Zhang Yanan, an analyst at Qing Ke research center, said: "private equity investment and venture capital are different. They pay more attention to the exit channels of investment, preferably IPO.
PE is not picky eaters. "
Zhang Yanan said humorously.
Encounter value embarrassment
In 2011, IPO's clothing enterprises were everywhere.
After combing the reporter, she found that she had raised investment projects.
market
The prospects and profitability are uncertain; the agent of Japanese brand UNIQLO, Shanghai, the main business gross margin and sales net interest rate are significantly higher than the same industry level, but there is no reasonable explanation; this year, the two degree "breakthrough" Vigna S first time last year because of the stock cycle rate problem is not.
Garment enterprises IPO repeatedly rejected, in the two tier market, textile and clothing plate trend is also facing embarrassment.
Haitong Securities (quotes, information) industry tracking report shows that in the past 3 months, the trend of textile and garment sector is weaker than the market.
Haitong Securities textile and garment industry assistant analyst Yang Yijuan told reporters, "as a traditional consumer plate, the overall advantage of clothing enterprises is strong resistance in bear market, but correspondingly, in the economic boom stage, such enterprises will not increase too much than the cyclical plate."
A senior investor interviewed by reporters also said, "textile and clothing stocks are difficult to have hype themes, and they feel very tasteless. Regulators should sell less stocks.

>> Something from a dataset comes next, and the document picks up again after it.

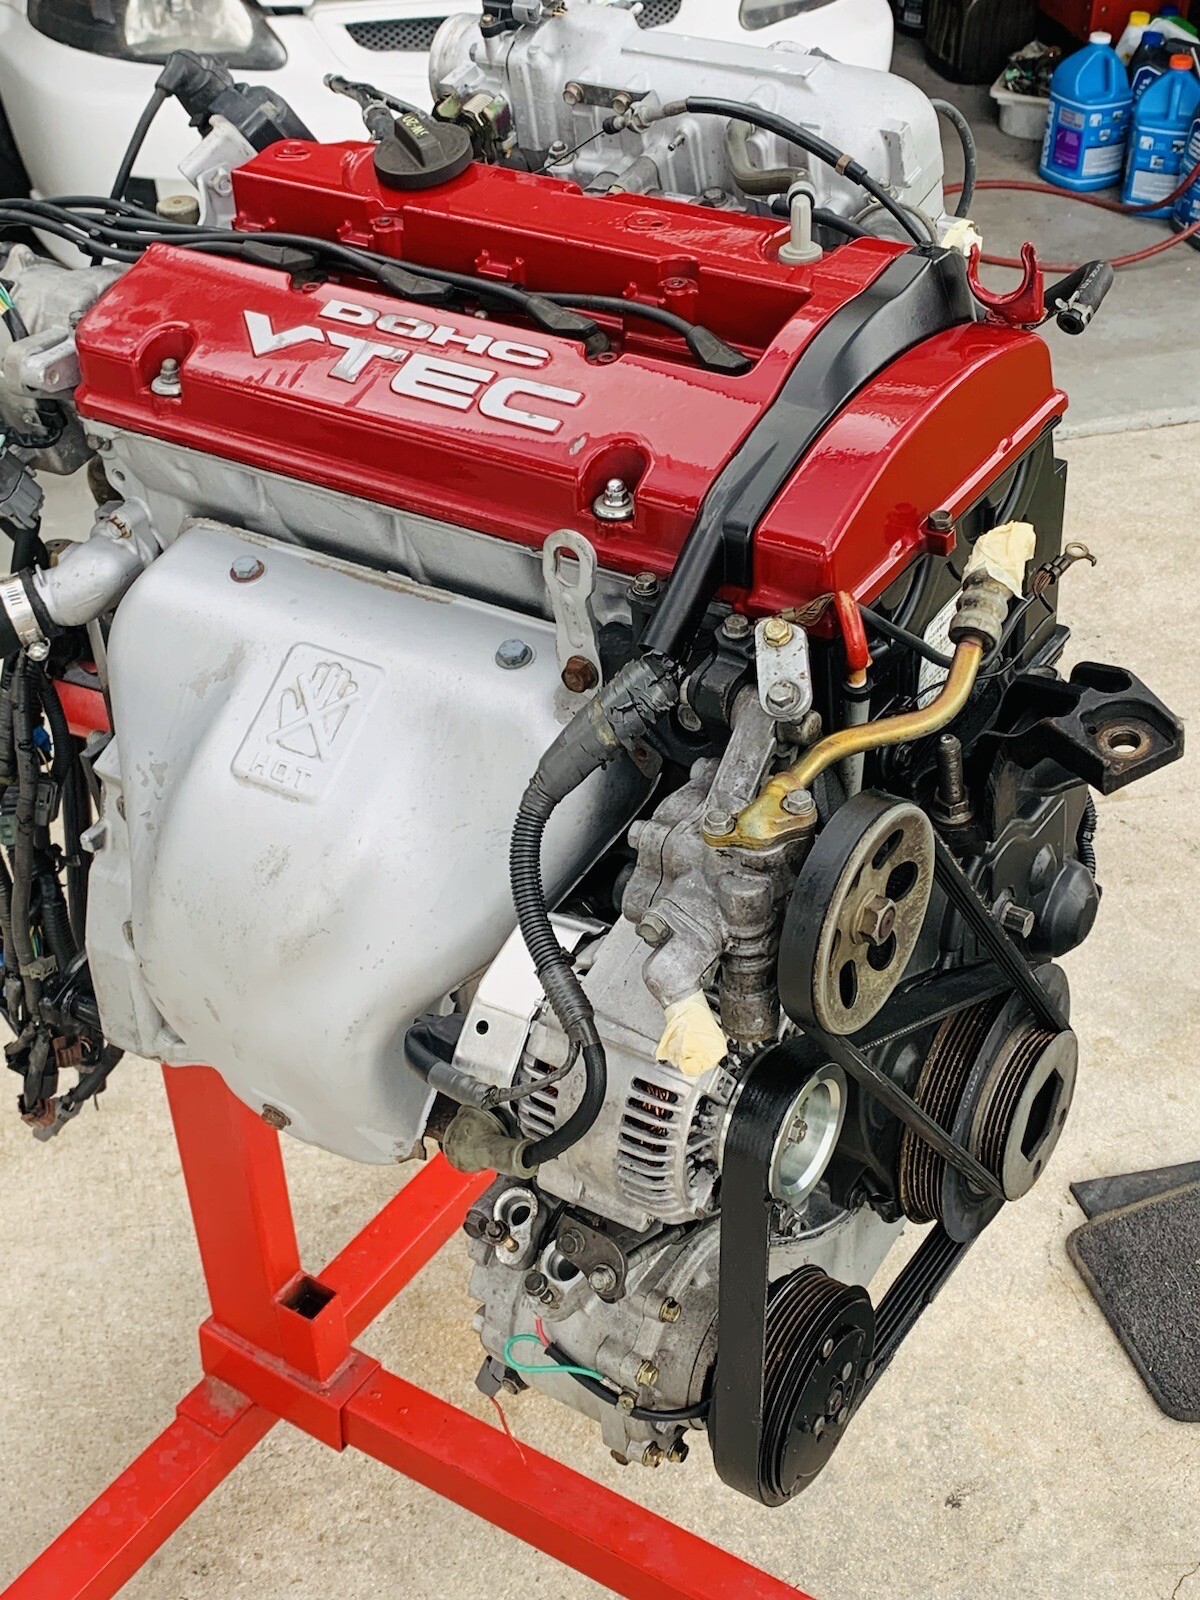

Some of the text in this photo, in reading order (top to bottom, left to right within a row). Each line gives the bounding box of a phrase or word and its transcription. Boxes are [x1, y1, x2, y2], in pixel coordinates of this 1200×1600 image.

[319, 298, 551, 368] DOHC
[243, 309, 585, 435] VTEC
[249, 751, 312, 788] HOT

If I invest for a long time, I will choose more stable financial stocks. "
Generally speaking, the clothing industry is a typical consumer traditional industry with relatively low technical content. Even if the company is in good condition, its performance will hardly have a strong breakthrough.
Yang Yijuan believes that "the same type of listed companies abroad will encounter two bottlenecks in the development of sub brands, expand product lines and other means of operation. In the two development process, their stock prices will also increase significantly.

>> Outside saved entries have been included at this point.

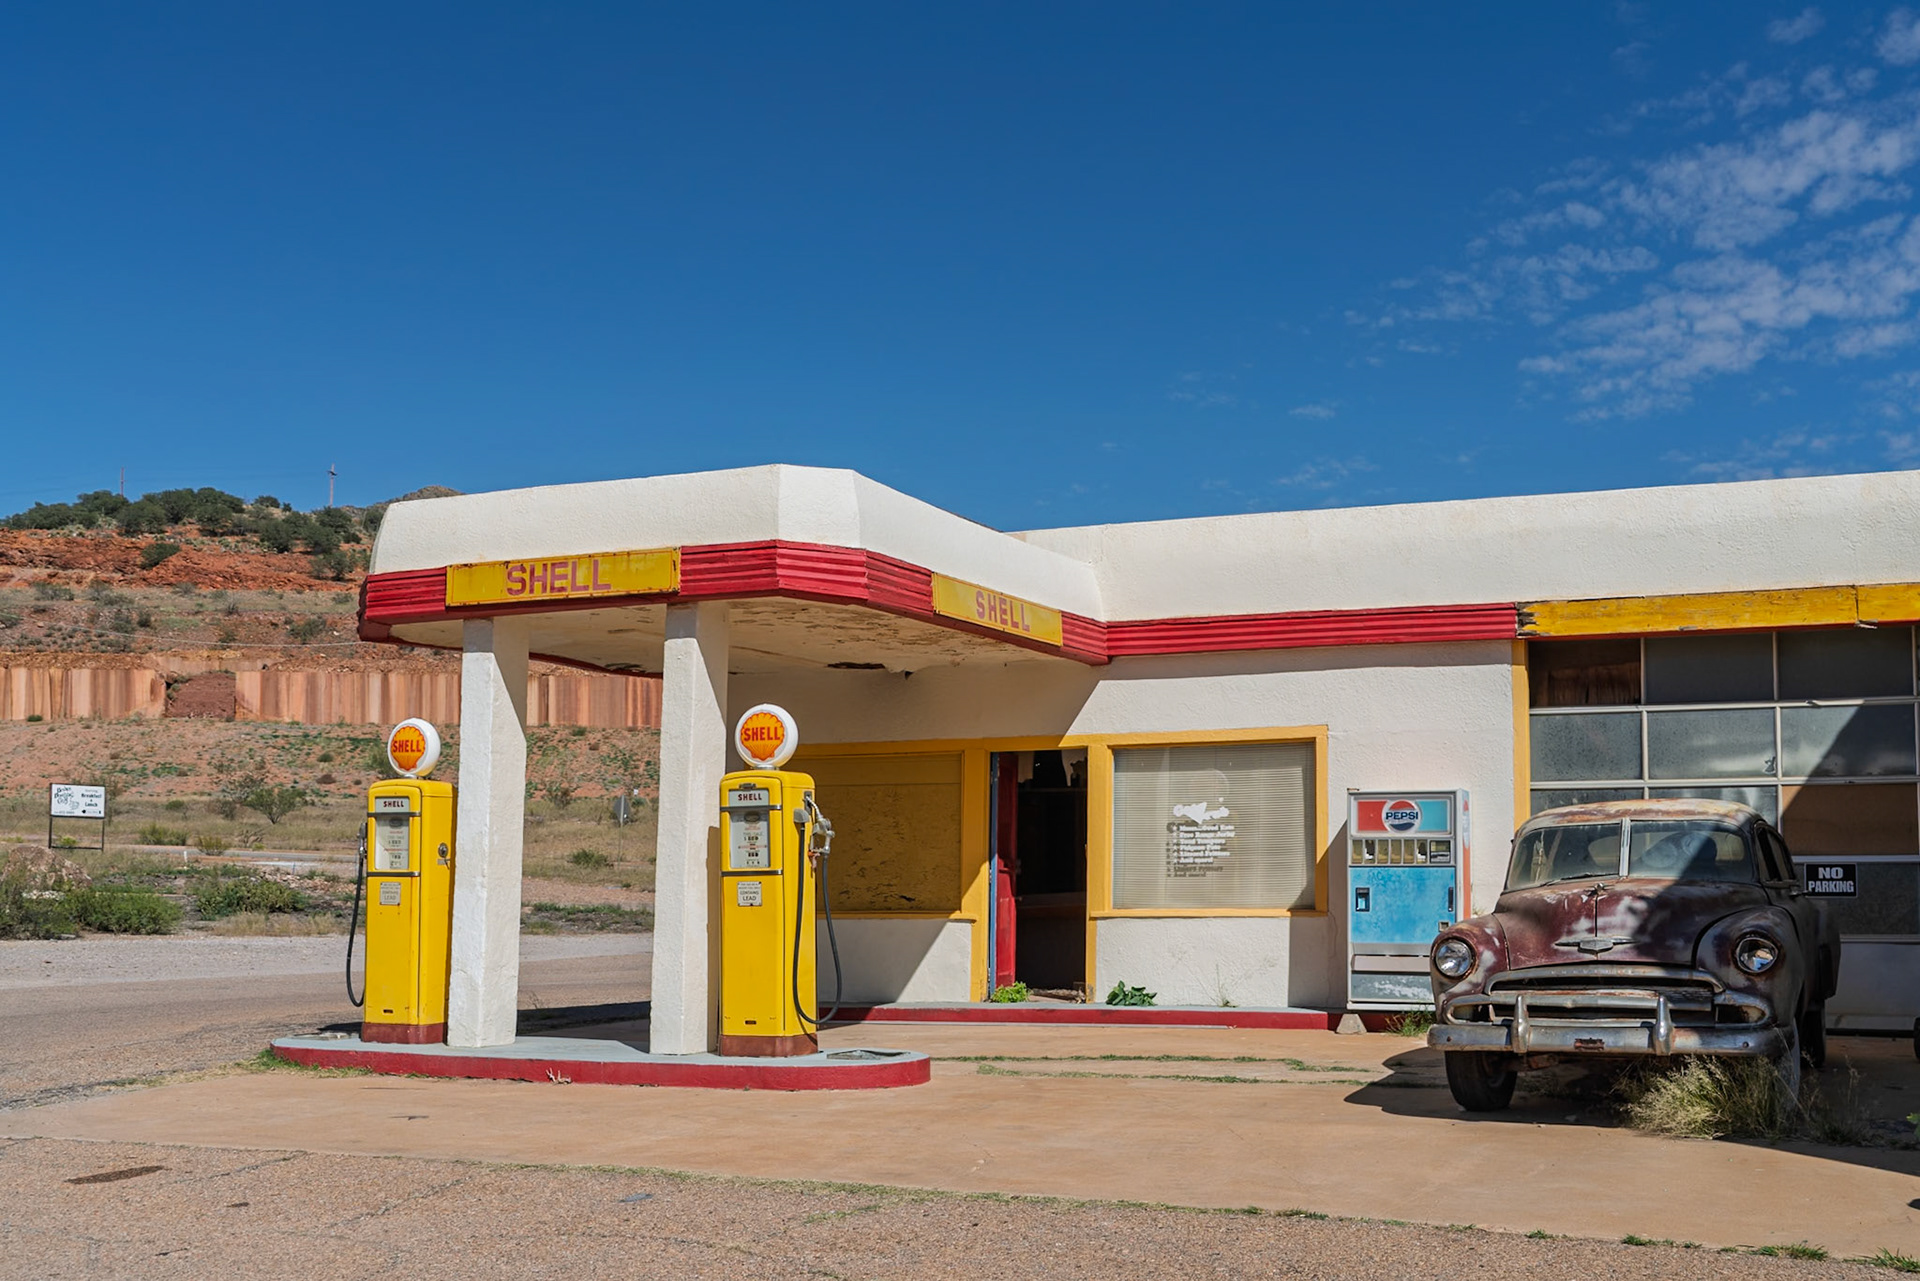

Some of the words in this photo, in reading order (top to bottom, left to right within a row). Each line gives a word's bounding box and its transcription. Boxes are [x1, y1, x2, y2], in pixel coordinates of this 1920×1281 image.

[506, 559, 611, 596] SHELL
[975, 590, 1030, 632] SHELL
[743, 726, 780, 741] SHELL
[393, 739, 421, 752] SHELL
[738, 793, 762, 801] SHELL
[383, 800, 404, 808] SHELL
[1386, 811, 1418, 820] PEPSI
[1818, 867, 1843, 879] NO
[1808, 881, 1854, 892] PARKING

Therefore, the investment value of clothing listed companies can not be totally negated.
However, due to the relatively low entry threshold of clothing enterprises, the development of Chinese clothing (quotes, information) brands is still in the embryonic stage. Regulators and investors should be very cautious when considering new listed companies, so as to pick out companies that are really strong.